SUPPLIED DATA:
_ _ _ _ _ _ _

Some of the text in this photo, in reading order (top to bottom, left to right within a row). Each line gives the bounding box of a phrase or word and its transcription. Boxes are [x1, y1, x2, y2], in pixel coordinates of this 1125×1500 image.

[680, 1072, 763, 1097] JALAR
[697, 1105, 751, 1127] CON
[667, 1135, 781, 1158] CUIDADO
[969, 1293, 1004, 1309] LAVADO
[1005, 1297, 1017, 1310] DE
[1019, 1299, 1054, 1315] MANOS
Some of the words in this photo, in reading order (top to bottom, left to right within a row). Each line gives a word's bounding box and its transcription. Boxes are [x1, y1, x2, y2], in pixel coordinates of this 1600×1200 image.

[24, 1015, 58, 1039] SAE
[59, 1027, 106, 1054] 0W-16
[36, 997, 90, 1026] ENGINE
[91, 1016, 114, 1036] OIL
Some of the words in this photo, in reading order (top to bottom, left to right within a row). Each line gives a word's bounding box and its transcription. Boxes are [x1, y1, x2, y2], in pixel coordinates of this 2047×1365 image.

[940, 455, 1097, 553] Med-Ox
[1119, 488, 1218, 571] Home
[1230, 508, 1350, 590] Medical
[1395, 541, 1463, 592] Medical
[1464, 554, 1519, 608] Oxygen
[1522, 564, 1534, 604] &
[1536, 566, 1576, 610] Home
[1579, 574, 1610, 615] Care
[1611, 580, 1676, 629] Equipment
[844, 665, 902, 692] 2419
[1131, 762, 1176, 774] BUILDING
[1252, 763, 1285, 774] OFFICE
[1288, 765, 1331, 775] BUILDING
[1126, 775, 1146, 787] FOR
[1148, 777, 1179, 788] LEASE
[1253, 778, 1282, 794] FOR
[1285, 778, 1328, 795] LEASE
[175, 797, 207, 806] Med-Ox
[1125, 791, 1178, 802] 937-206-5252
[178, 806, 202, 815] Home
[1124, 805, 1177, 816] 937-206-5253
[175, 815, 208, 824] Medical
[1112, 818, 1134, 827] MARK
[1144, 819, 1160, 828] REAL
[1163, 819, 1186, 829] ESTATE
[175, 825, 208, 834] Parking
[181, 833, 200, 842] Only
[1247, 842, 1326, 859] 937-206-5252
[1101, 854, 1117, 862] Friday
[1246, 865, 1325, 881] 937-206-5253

_ _ _ _ _ _ _

PROBLEM STATEMENT:
Reproduce every record exactly, line by line.

EXERCISE ANSWER:
Some of the text in this photo, in reading order (top to bottom, left to right within a row). Each line gives the bounding box of a phrase or word and its transcription. Boxes are [x1, y1, x2, y2], in pixel coordinates of this 1125×1500 image.

[680, 1072, 763, 1097] JALAR
[697, 1105, 751, 1127] CON
[667, 1135, 781, 1158] CUIDADO
[969, 1293, 1004, 1309] LAVADO
[1005, 1297, 1017, 1310] DE
[1019, 1299, 1054, 1315] MANOS
Some of the words in this photo, in reading order (top to bottom, left to right within a row). Each line gives a word's bounding box and its transcription. Boxes are [x1, y1, x2, y2], in pixel coordinates of this 1600×1200 image.

[24, 1015, 58, 1039] SAE
[59, 1027, 106, 1054] 0W-16
[36, 997, 90, 1026] ENGINE
[91, 1016, 114, 1036] OIL
Some of the words in this photo, in reading order (top to bottom, left to right within a row). Each line gives a word's bounding box and its transcription. Boxes are [x1, y1, x2, y2], in pixel coordinates of this 2047×1365 image.

[940, 455, 1097, 553] Med-Ox
[1119, 488, 1218, 571] Home
[1230, 508, 1350, 590] Medical
[1395, 541, 1463, 592] Medical
[1464, 554, 1519, 608] Oxygen
[1522, 564, 1534, 604] &
[1536, 566, 1576, 610] Home
[1579, 574, 1610, 615] Care
[1611, 580, 1676, 629] Equipment
[844, 665, 902, 692] 2419
[1131, 762, 1176, 774] BUILDING
[1252, 763, 1285, 774] OFFICE
[1288, 765, 1331, 775] BUILDING
[1126, 775, 1146, 787] FOR
[1148, 777, 1179, 788] LEASE
[1253, 778, 1282, 794] FOR
[1285, 778, 1328, 795] LEASE
[175, 797, 207, 806] Med-Ox
[1125, 791, 1178, 802] 937-206-5252
[178, 806, 202, 815] Home
[1124, 805, 1177, 816] 937-206-5253
[175, 815, 208, 824] Medical
[1112, 818, 1134, 827] MARK
[1144, 819, 1160, 828] REAL
[1163, 819, 1186, 829] ESTATE
[175, 825, 208, 834] Parking
[181, 833, 200, 842] Only
[1247, 842, 1326, 859] 937-206-5252
[1101, 854, 1117, 862] Friday
[1246, 865, 1325, 881] 937-206-5253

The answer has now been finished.